Assigned task: What is needed is an exact copy of the records below, with the pictures left out.

*** Opening of Supplied entries ***

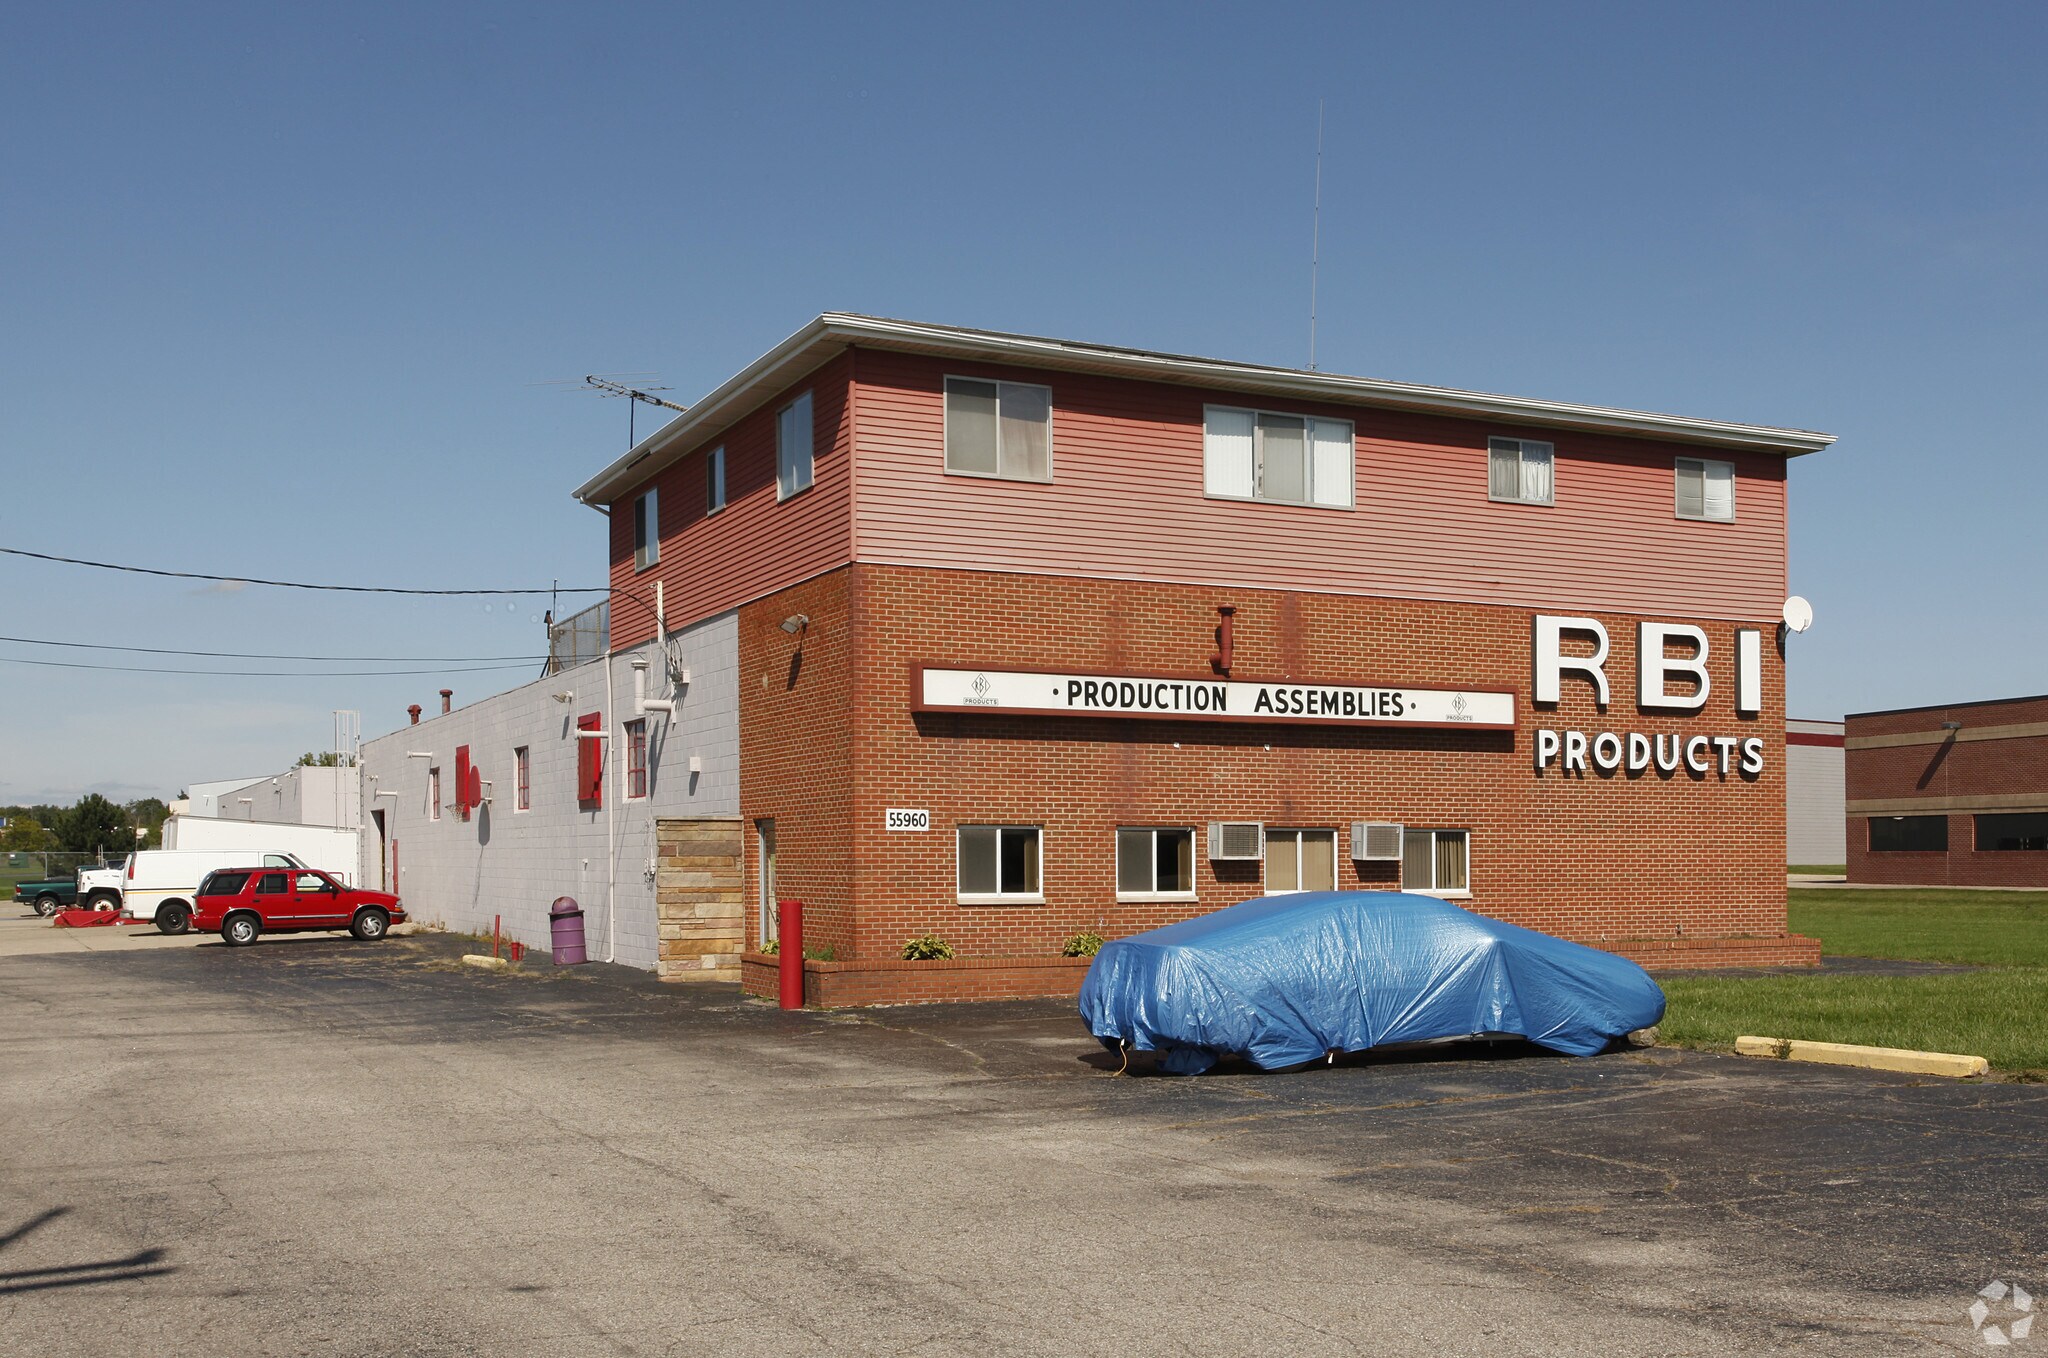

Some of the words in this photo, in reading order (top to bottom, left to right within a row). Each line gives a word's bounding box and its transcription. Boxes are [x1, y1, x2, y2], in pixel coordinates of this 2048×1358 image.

[1534, 614, 1762, 712] RBI
[1067, 680, 1227, 711] PRODUCTION
[1253, 688, 1404, 717] ASSEMBLIES
[1535, 729, 1764, 773] PRODUCTS
[889, 811, 927, 828] 55960

*** Close of Supplied entries ***

Solution to this exercise:
Some of the words in this photo, in reading order (top to bottom, left to right within a row). Each line gives a word's bounding box and its transcription. Boxes are [x1, y1, x2, y2], in pixel coordinates of this 2048×1358 image.

[1534, 614, 1762, 712] RBI
[1067, 680, 1227, 711] PRODUCTION
[1253, 688, 1404, 717] ASSEMBLIES
[1535, 729, 1764, 773] PRODUCTS
[889, 811, 927, 828] 55960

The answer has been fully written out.